-- DATA RECORDS follows --

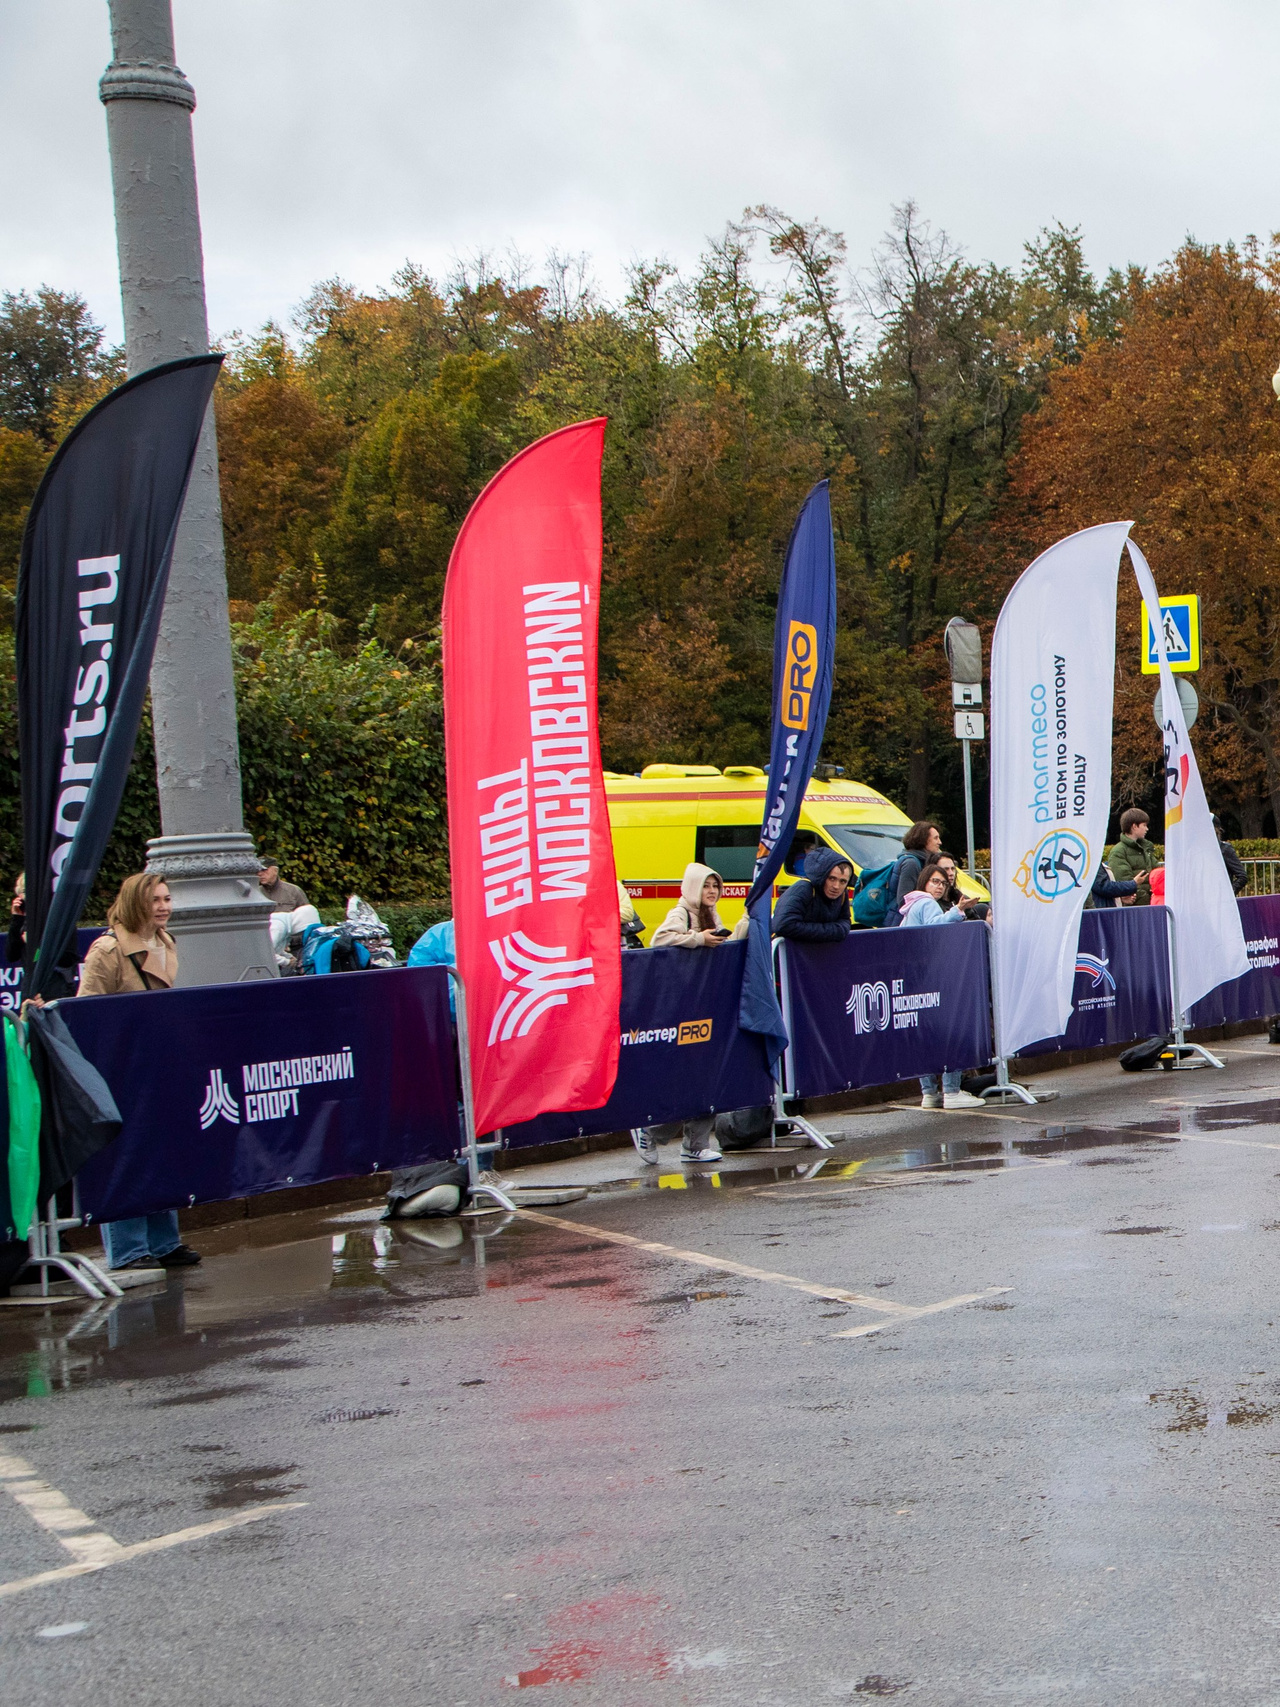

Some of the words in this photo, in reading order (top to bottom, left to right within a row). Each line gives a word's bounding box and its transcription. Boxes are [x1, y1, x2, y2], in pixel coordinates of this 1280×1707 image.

[1054, 655, 1067, 739] ЗОЛОТОМУ
[1028, 683, 1053, 823] pharmeco
[1057, 743, 1067, 766] ПО
[1056, 770, 1067, 820] БЕГОМ
[1073, 754, 1087, 817] КОЛЬЦУ
[892, 979, 904, 995] ЛЕТ
[892, 991, 941, 1012] МОСКОВСКОМУ
[680, 1023, 710, 1041] PRO
[893, 1011, 919, 1029] СПОРТУ
[242, 1046, 355, 1093] МОСКОВСКИЙ
[245, 1088, 300, 1123] СПОРТ

-- DATA RECORDS concluded --

▶ **TASK DESCRIPTION**
After dropping every picture, transcribe each entry exactly.

▶ **ANSWER AREA**
Some of the words in this photo, in reading order (top to bottom, left to right within a row). Each line gives a word's bounding box and its transcription. Boxes are [x1, y1, x2, y2], in pixel coordinates of this 1280×1707 image.

[1054, 655, 1067, 739] ЗОЛОТОМУ
[1028, 683, 1053, 823] pharmeco
[1057, 743, 1067, 766] ПО
[1056, 770, 1067, 820] БЕГОМ
[1073, 754, 1087, 817] КОЛЬЦУ
[892, 979, 904, 995] ЛЕТ
[892, 991, 941, 1012] МОСКОВСКОМУ
[680, 1023, 710, 1041] PRO
[893, 1011, 919, 1029] СПОРТУ
[242, 1046, 355, 1093] МОСКОВСКИЙ
[245, 1088, 300, 1123] СПОРТ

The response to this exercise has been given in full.